Press Releases | Core Curriculum

Distinguished Scholars Join Group Opposing Curricular Cuts at the University of Chicago

Mortimer Adler and Robert Bork Coordinate with ACTA to Call on University Trustees to Impose a Moratorium on Proposed Changes
May 25, 1999

WASHINGTON, DC—Distinguished educator Mortimer J. Adler and former judge Robert H. Bork today called on University of Chicago trustees to delay proposed changes to the curriculum that would cut the University’s acclaimed core curriculum by a third. They have joined Scholars for the University of Chicago, a group of alumni and former faculty, who have protested the cuts. The board is scheduled to meet on June 4.

Ten distinguished scholars last month launched the group and outlined their views in a letter to President Hugo Sonnenschein and the board of trustees, opposing changes which would dilute academic standards and increase the size of the student body.

The proposed curricular changes will reduce the core curriculum from 21 to 15 courses, eliminating specific existing requirements in mathematics and languages and reducing the total number of classes required in humanities and civilization studies.

According to the letter, the university is lowering standards in order to attract less intellectual students. A university administrator is quoted as saying, “I don’t know how many students we can attract if we go after those who only seek the life of the mind.”

“Making academic decisions on the basis of marketing is itself a crime against the mind,” the letter said.
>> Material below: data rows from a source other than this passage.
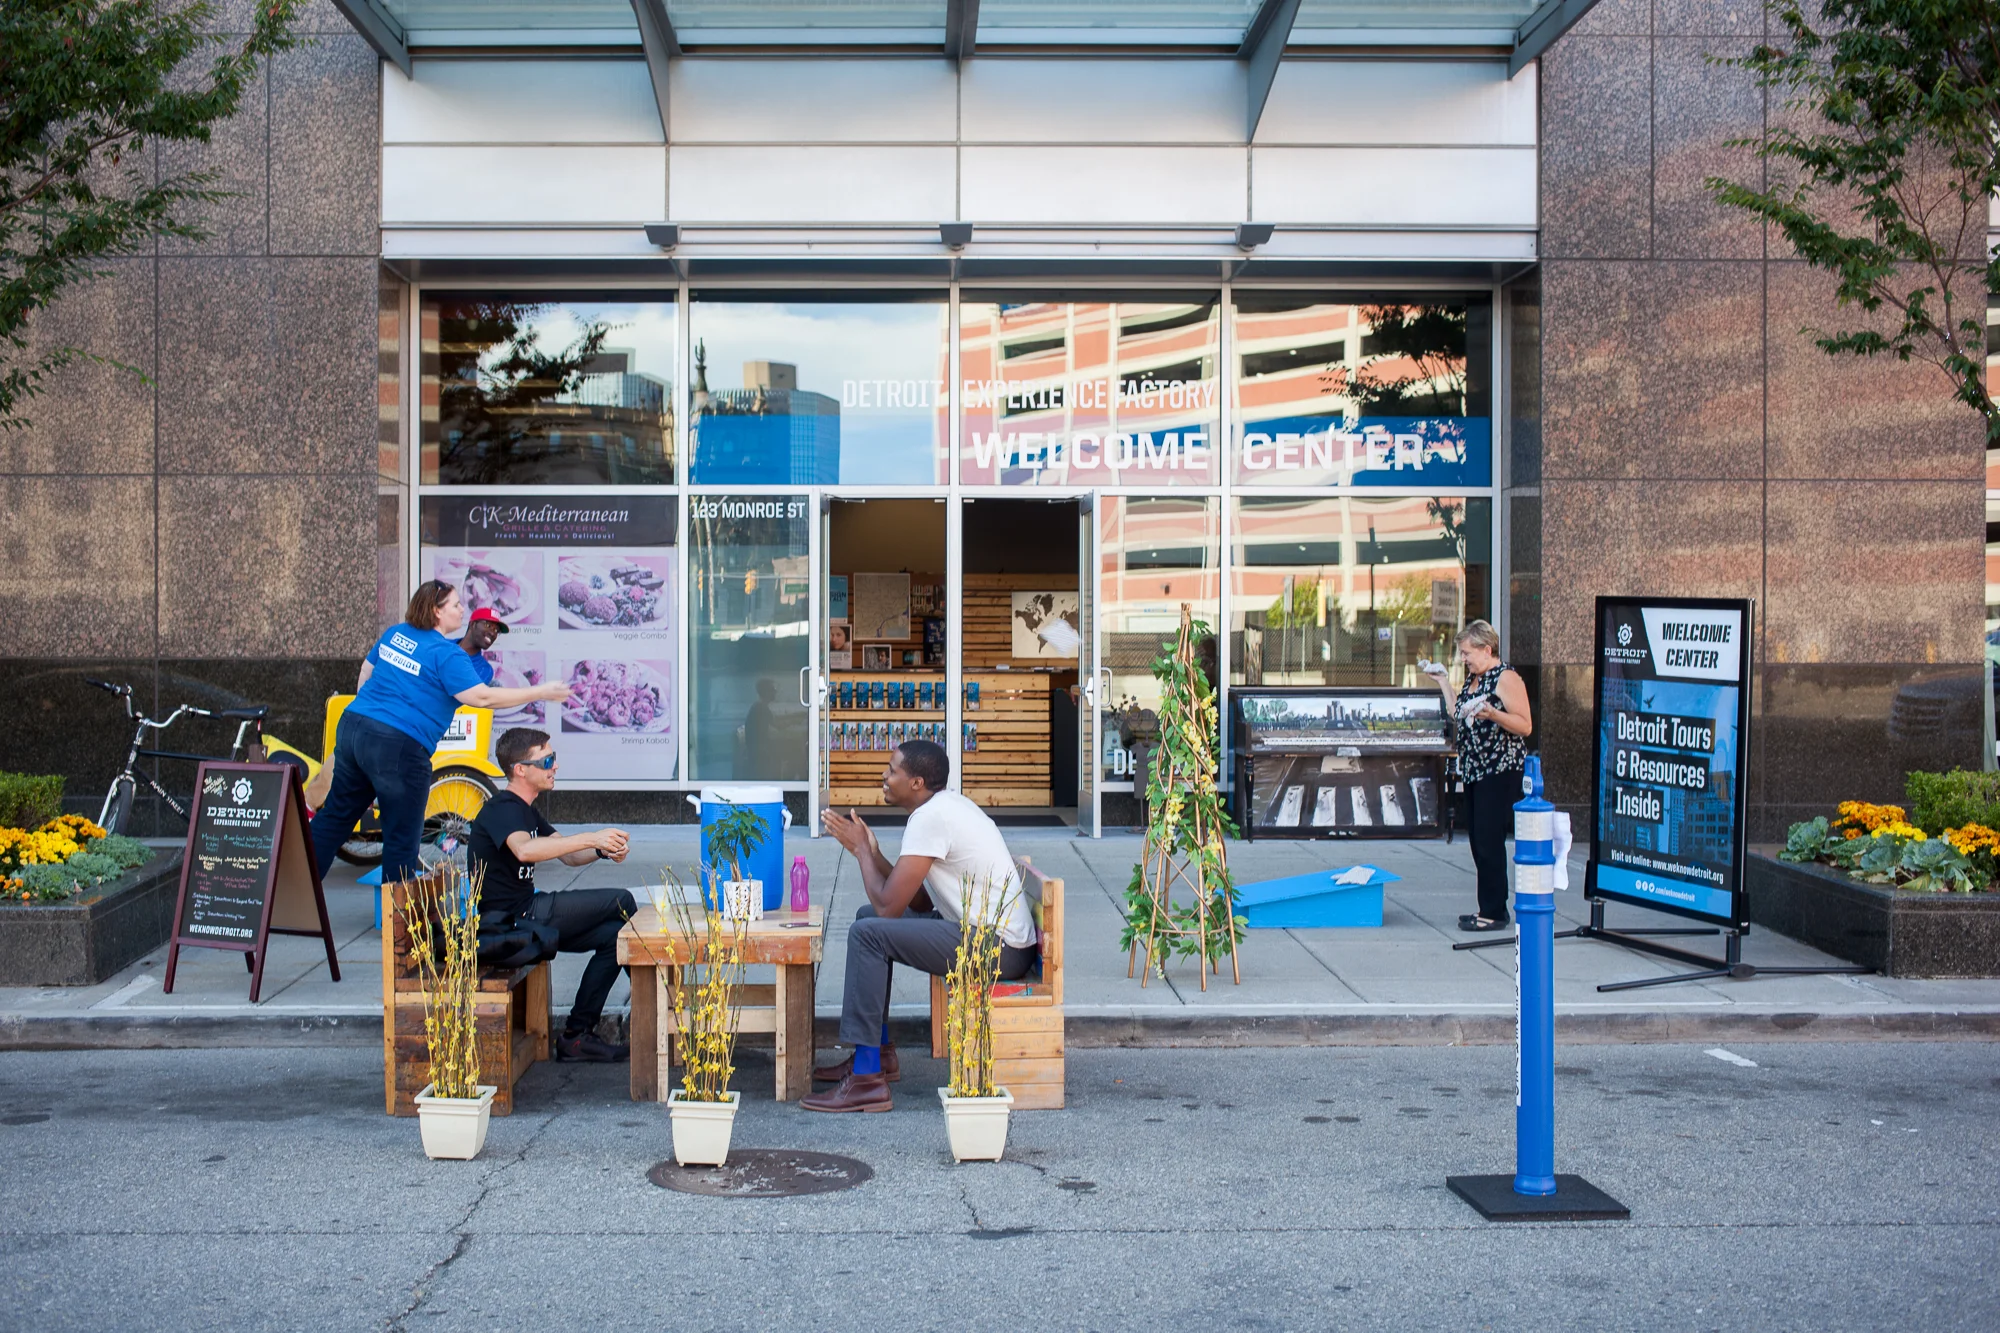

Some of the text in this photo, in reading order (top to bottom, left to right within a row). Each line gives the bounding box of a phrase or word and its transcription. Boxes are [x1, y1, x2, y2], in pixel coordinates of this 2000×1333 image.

[843, 379, 1214, 409] DETROIT EXPERIENCE FACTORY
[972, 432, 1423, 471] WELCOME CENTER
[508, 504, 629, 523] Mediterranean
[692, 502, 805, 518] 123 MONROE ST
[502, 524, 607, 532] GRILLE & CATERING
[529, 532, 561, 541] Healthy
[523, 627, 542, 636] Wrap
[613, 632, 667, 641] Veggie Combo
[1662, 622, 1732, 644] WELCOME
[1604, 647, 1647, 658] DETROIT
[1665, 648, 1718, 669] CENTER
[621, 736, 644, 745] Shrimp
[1617, 712, 1711, 750] Detroit Tours
[1616, 750, 1705, 789] & Resources
[150, 780, 185, 815] MAIN STREET
[1615, 787, 1660, 821] Inside
[206, 806, 271, 820] DETROIT
[1611, 849, 1724, 885] Visit us online: www.weknowdetroit.org
[189, 924, 253, 938] WEKNOWDETROIT.ORG
Coordinated by the American Council of Trustees and Alumni (ACTA), a national organization that promotes academic excellence, Scholars for the University of Chicago has doubled in size since it was announced in mid-April. The group includes Nobel Laureate Saul Bellow, Harvard social scientist David Riesman, Harvard Law professor Mary Ann Glendon, University of Pennsylvania history professor Walter McDougall and UCLA professor James Q. Wilson.
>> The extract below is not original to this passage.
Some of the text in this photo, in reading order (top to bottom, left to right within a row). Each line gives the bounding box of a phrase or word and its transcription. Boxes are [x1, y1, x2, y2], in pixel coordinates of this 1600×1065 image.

“The support of Mortimer Adler is particularly significant,” said ACTA president Jerry L. Martin. “Adler is a living legend. He was a mentor to Chicago president Robert Hutchins and intellectual godfather of the core. When Adler speaks, the board should listen.”

Expanding enrollments may result in more classes taught by graduate students, the letter also said. As of 1997-98, “only 40 percent of classes in the social science core were being taught by regular faculty and 43 percent in the humanities core.”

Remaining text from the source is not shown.